**TASK TO COMPLETE:** A word-for-word copy of the records is needed, with every picture left out.

**DATA FOR ANALYSIS:**
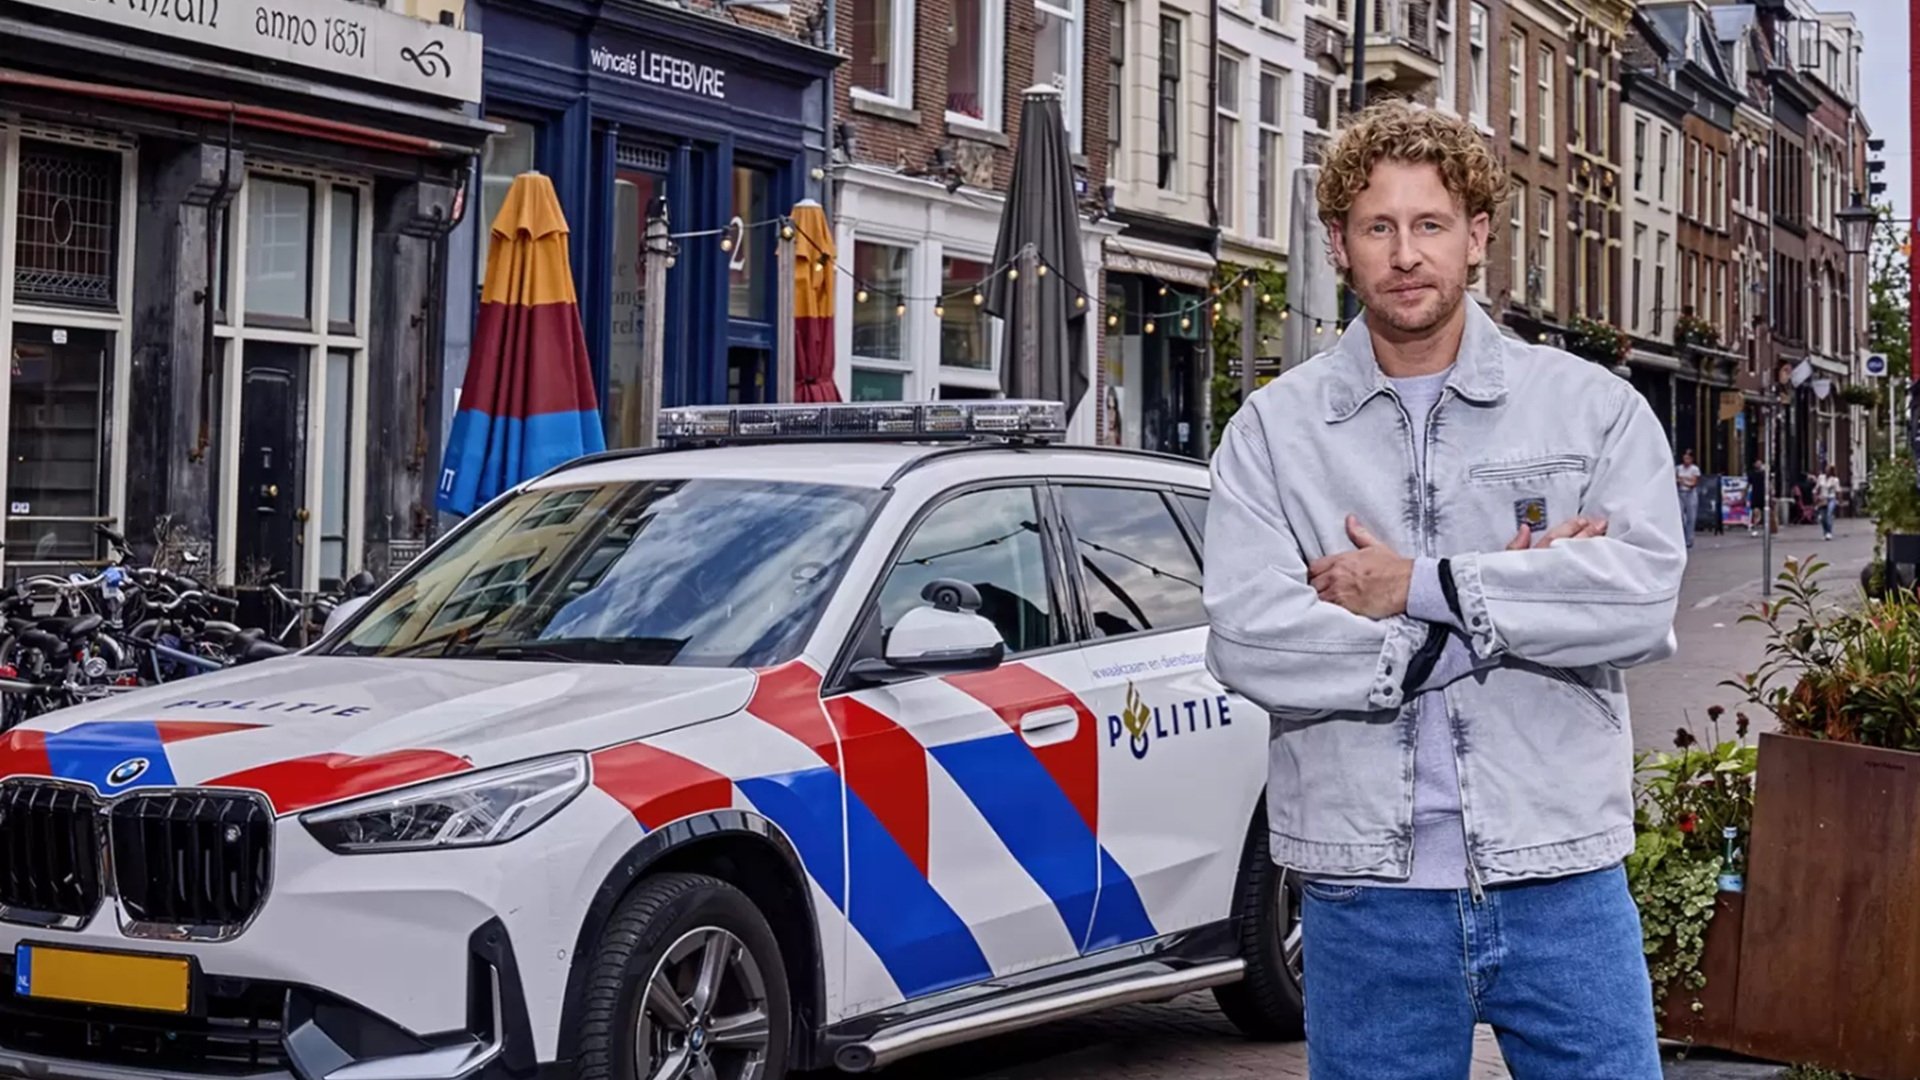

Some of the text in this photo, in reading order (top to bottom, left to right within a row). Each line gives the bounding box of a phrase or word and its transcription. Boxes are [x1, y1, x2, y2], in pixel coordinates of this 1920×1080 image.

[255, 6, 317, 47] anno
[324, 16, 366, 59] 1851
[590, 46, 725, 98] wijncafé LEFEBVRE
[729, 215, 745, 271] 2
[162, 700, 371, 717] POLITIE
[1107, 694, 1233, 760] POLITIE

**RESPONSE FOR THIS EXERCISE:**
Some of the text in this photo, in reading order (top to bottom, left to right within a row). Each line gives the bounding box of a phrase or word and its transcription. Boxes are [x1, y1, x2, y2], in pixel coordinates of this 1920×1080 image.

[255, 6, 317, 47] anno
[324, 16, 366, 59] 1851
[590, 46, 725, 98] wijncafé LEFEBVRE
[729, 215, 745, 271] 2
[162, 700, 371, 717] POLITIE
[1107, 694, 1233, 760] POLITIE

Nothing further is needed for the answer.